If you are using Google Vertex, see the vertex provider.

Configuration

GOOGLE_API_KEY (required) - Google AI Studio API key
GOOGLE_API_HOST - used to override the Google API host, defaults to generativelanguage.googleapis.com
GOOGLE_API_BASE_URL - used to override the Google API base url, defaults to https://generativelanguage.googleapis.com

Basic Configuration

The provider supports various configuration options that can be used to customize the behavior of the model:

providers:
  - id: google:gemini-1.5-pro
    config:
      temperature: 0.7 # Controls randomness (0.0 to 1.0)
      maxOutputTokens: 2048 # Maximum length of response
      topP: 0.9 # Nucleus sampling
      topK: 40 # Top-k sampling
      stopSequences: ['END'] # Stop generation at these sequences

Thinking Configuration

For models that support thinking capabilities (like Gemini 2.5 Flash), you can configure the thinking budget:

providers:
  - id: google:gemini-2.5-flash-preview-05-20
    config:
      generationConfig:
        temperature: 0.7
        maxOutputTokens: 2048
        thinkingConfig:
          thinkingBudget: 1024 # Controls tokens allocated for thinking process

The thinking configuration allows the model to show its reasoning process before providing the final answer, which can be helpful for complex tasks that require step-by-step thinking.

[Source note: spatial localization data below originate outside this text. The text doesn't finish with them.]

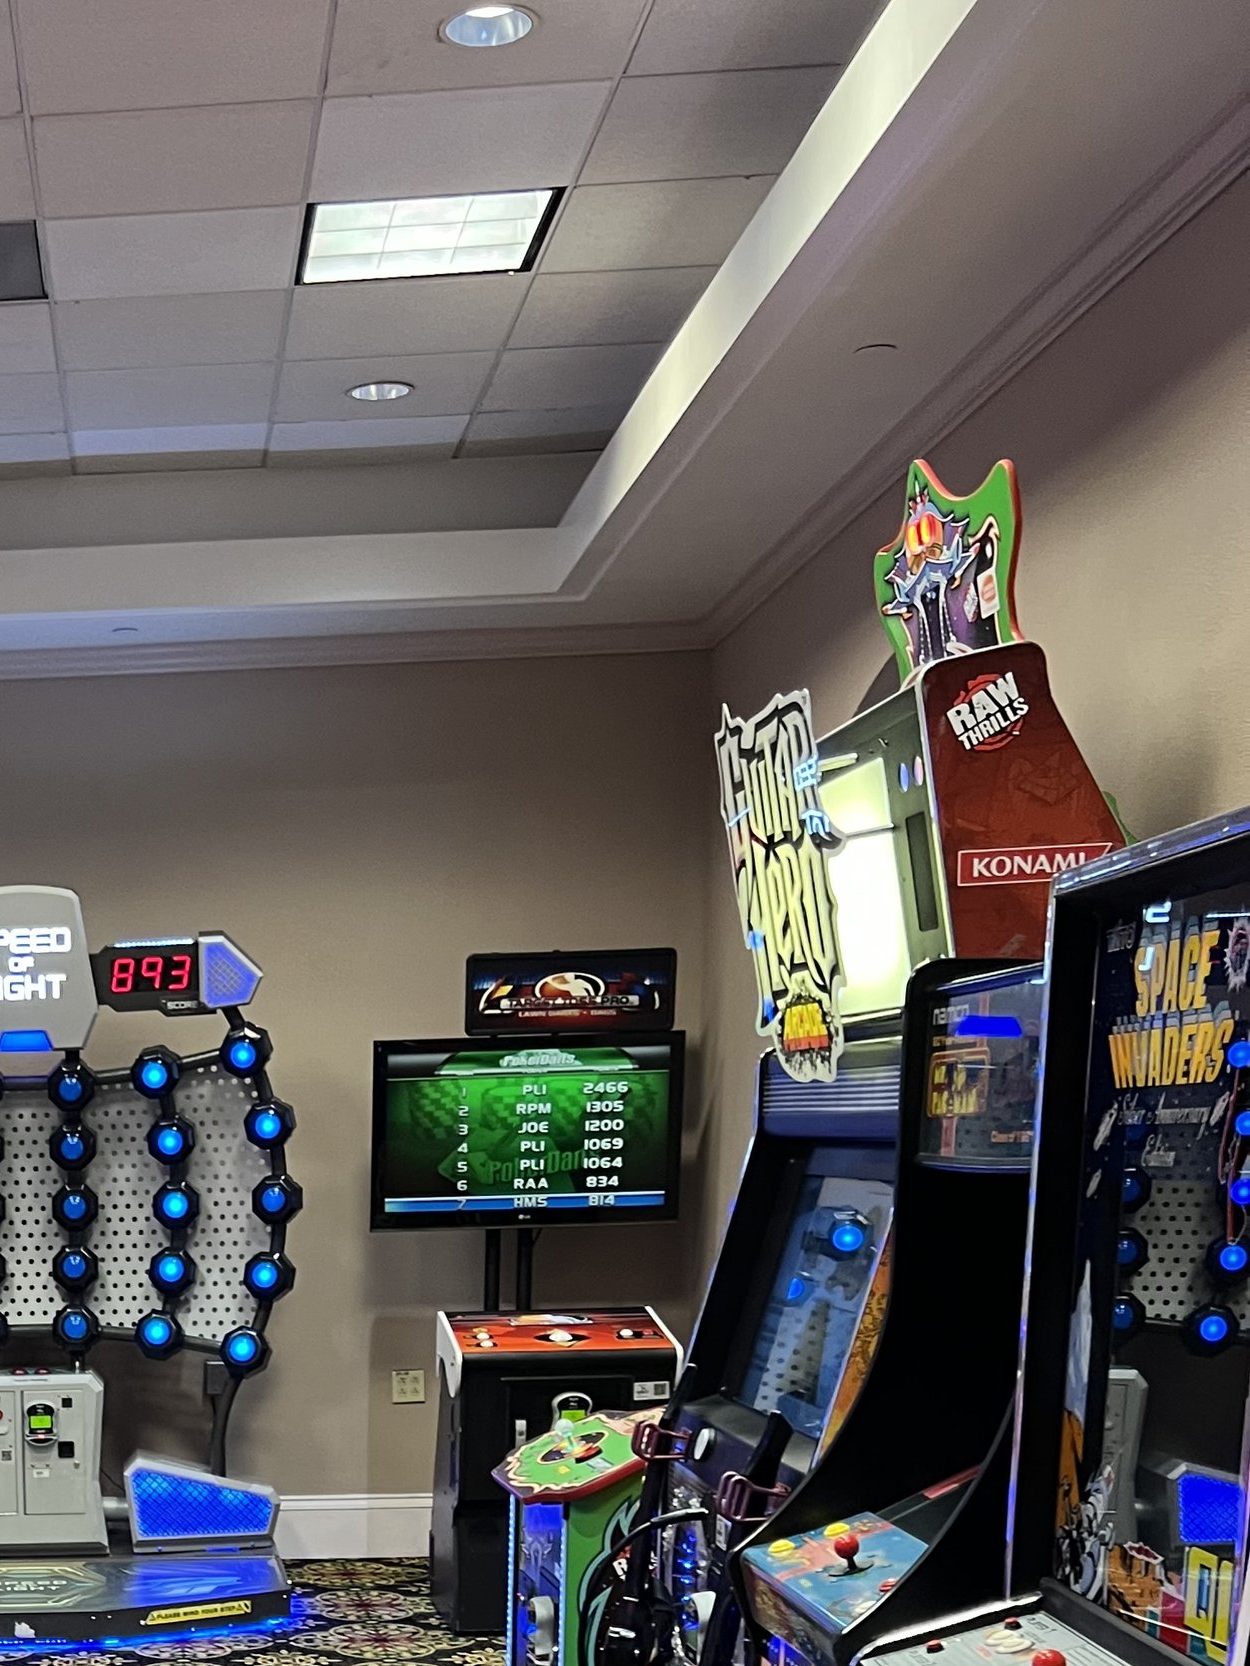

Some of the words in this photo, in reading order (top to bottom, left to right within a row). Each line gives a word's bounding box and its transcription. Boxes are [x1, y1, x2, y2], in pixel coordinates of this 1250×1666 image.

[947, 672, 1019, 735] RAW
[958, 697, 1029, 750] THRILLS
[972, 852, 1086, 878] KONAMI
[8, 956, 34, 972] OF
[1134, 918, 1220, 1017] SPACE
[111, 955, 191, 992] 893
[167, 1001, 198, 1010] SCORE
[600, 995, 630, 1006] PRO
[1108, 1016, 1235, 1088] INVADERS
[522, 1084, 547, 1095] PLI
[583, 1081, 628, 1094] 2466
[458, 1106, 469, 1117] 2
[516, 1103, 552, 1115] RPM
[586, 1100, 624, 1113] 1305
[458, 1124, 469, 1136] 3
[518, 1122, 549, 1134] JOE
[585, 1119, 624, 1131] 1200
[457, 1142, 469, 1154] 4
[520, 1140, 545, 1152] PLI
[584, 1137, 624, 1150] 1069
[457, 1161, 468, 1173] 5
[520, 1159, 545, 1171] PLI
[583, 1156, 623, 1169] 1064
[457, 1179, 468, 1191] 6
[513, 1177, 549, 1189] RAA
[586, 1175, 619, 1187] 834
[457, 1198, 467, 1210] 7
[588, 1194, 615, 1206] 814
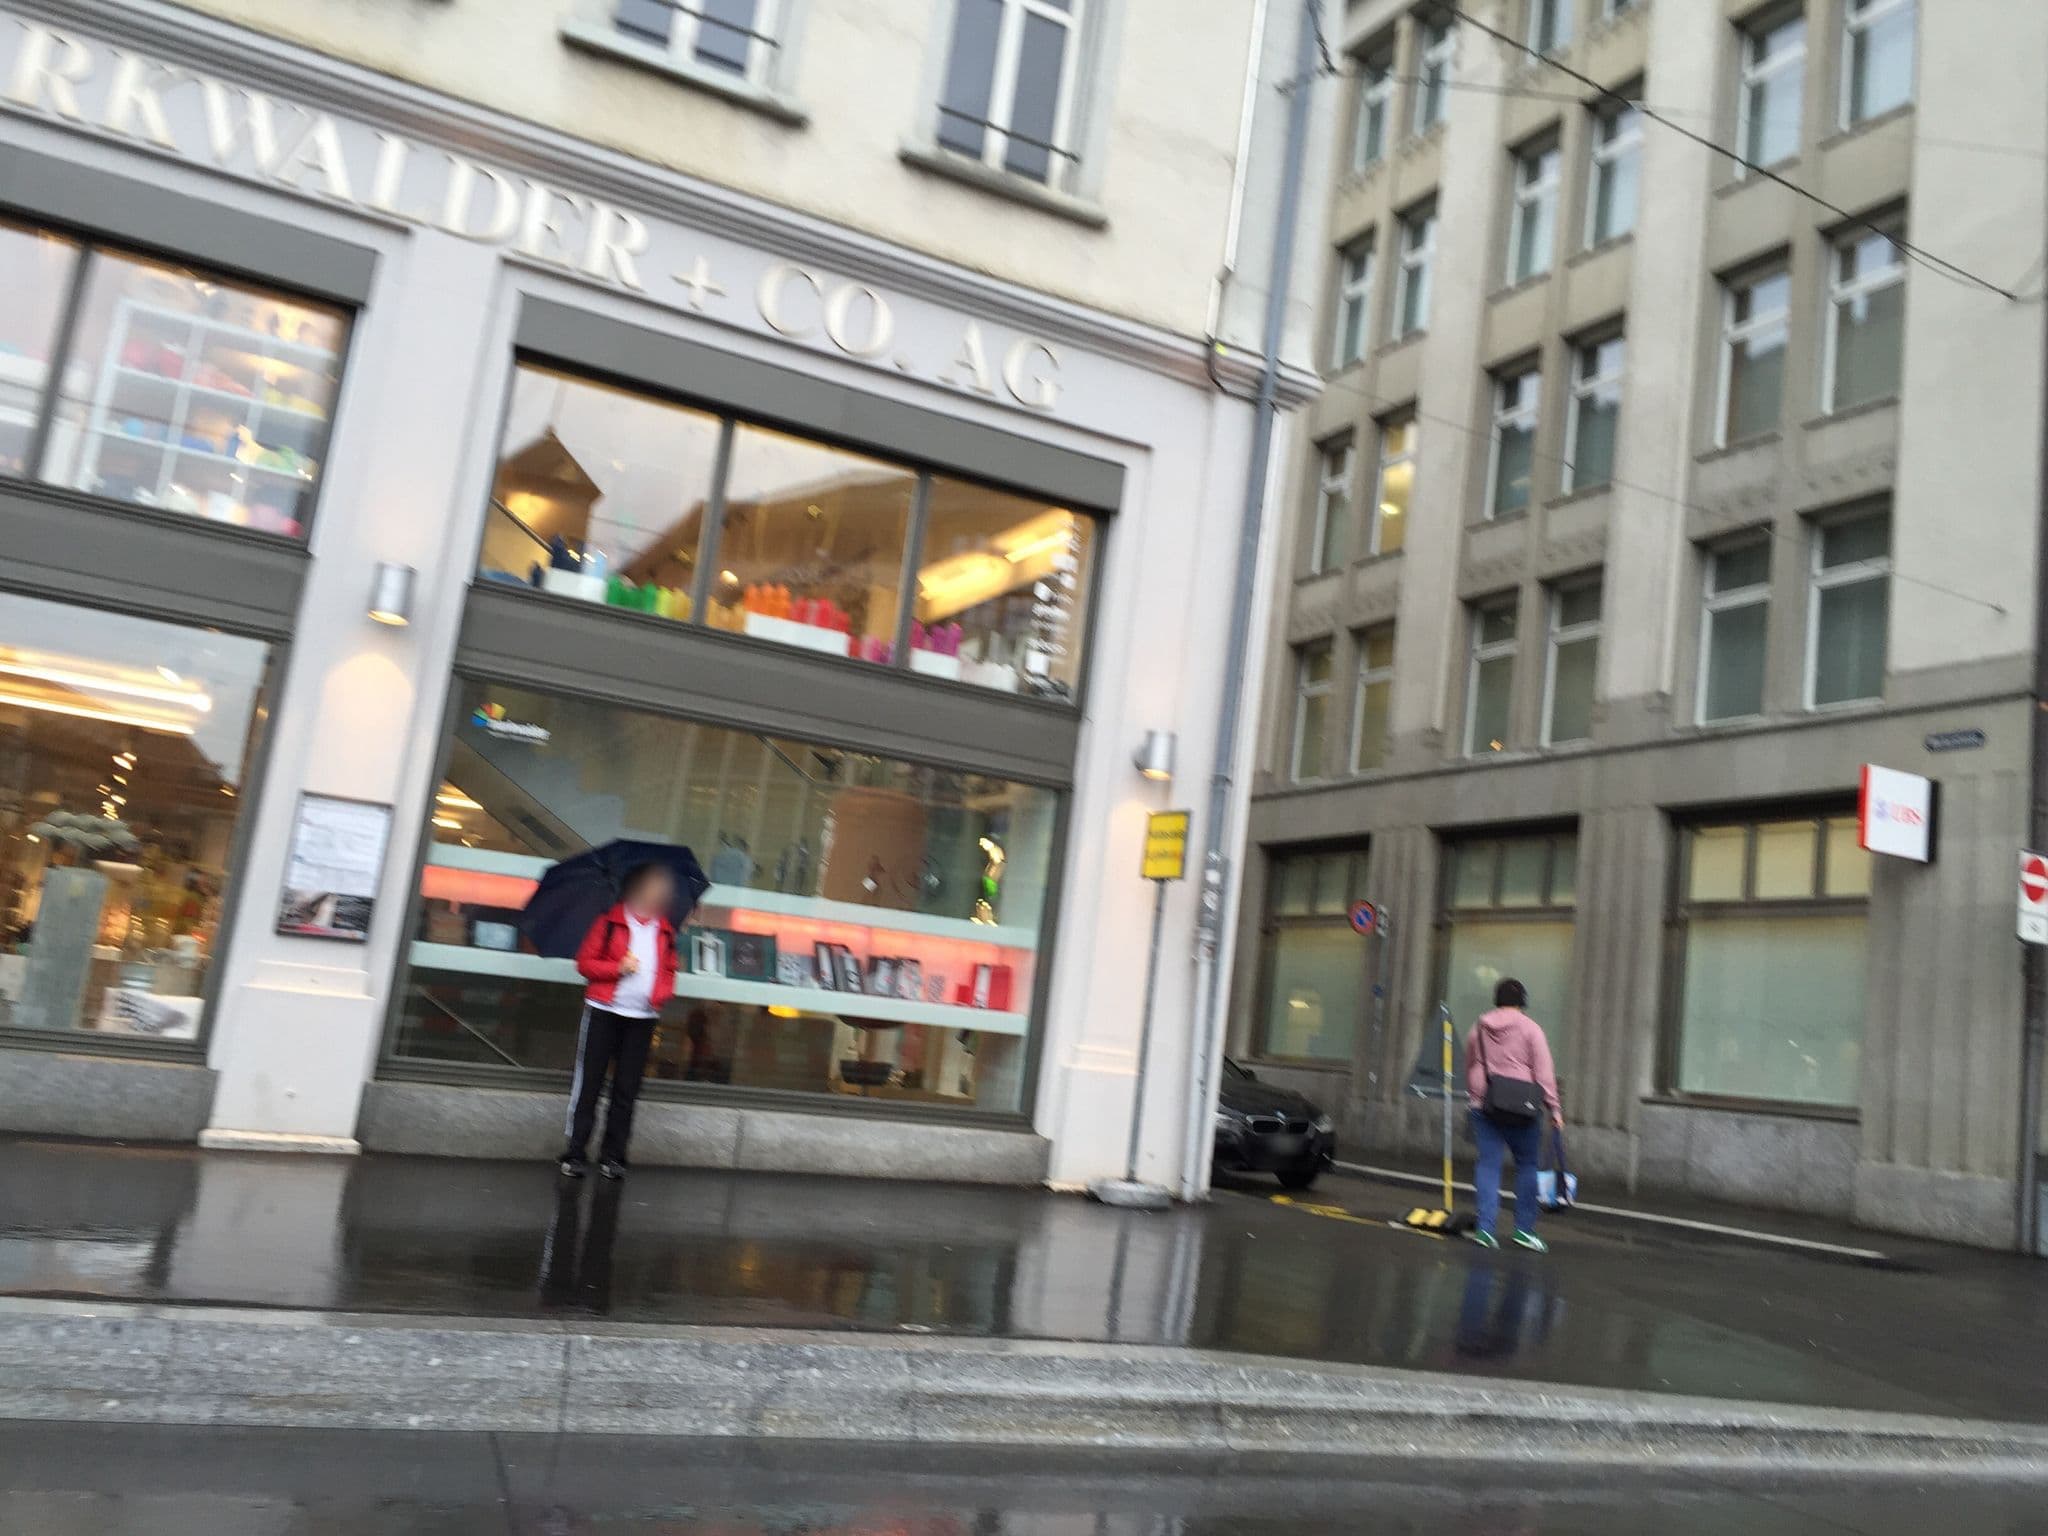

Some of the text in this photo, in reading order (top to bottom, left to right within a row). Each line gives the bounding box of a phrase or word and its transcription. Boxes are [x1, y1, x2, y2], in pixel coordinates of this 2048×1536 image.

You can also specify a response schema for structured output:

providers:
  - id: google:gemini-1.5-pro
    config:
      generationConfig:
        response_mime_type: application/json
        response_schema:
          type: object
          properties:
            foo:
              type: string

For multimodal inputs (images and video), the provider supports:

Images: PNG, JPEG, WEBP, HEIC, HEIF formats (max 3,600 files)
Videos: MP4, MPEG, MOV, AVI, FLV, MPG, WEBM, WMV, 3GPP formats (up to ~1 hour)

Safety Settings

Safety settings can be configured to control content filtering:

providers:
  - id: google:gemini-2.5-pro
    config:
      safetySettings:
        - category: HARM_CATEGORY_DANGEROUS_CONTENT
          probability: BLOCK_ONLY_HIGH # or other thresholds

System Instructions

Configure system-level instructions for the model:

providers:
  - id: google:gemini-2.5-pro
    config:
      # Direct text
      systemInstruction: 'You are a helpful assistant'

      # Or load from file
      systemInstruction: file://system-instruction.txt

System instructions support Nunjucks templating and can be loaded from external files for better organization and reusability.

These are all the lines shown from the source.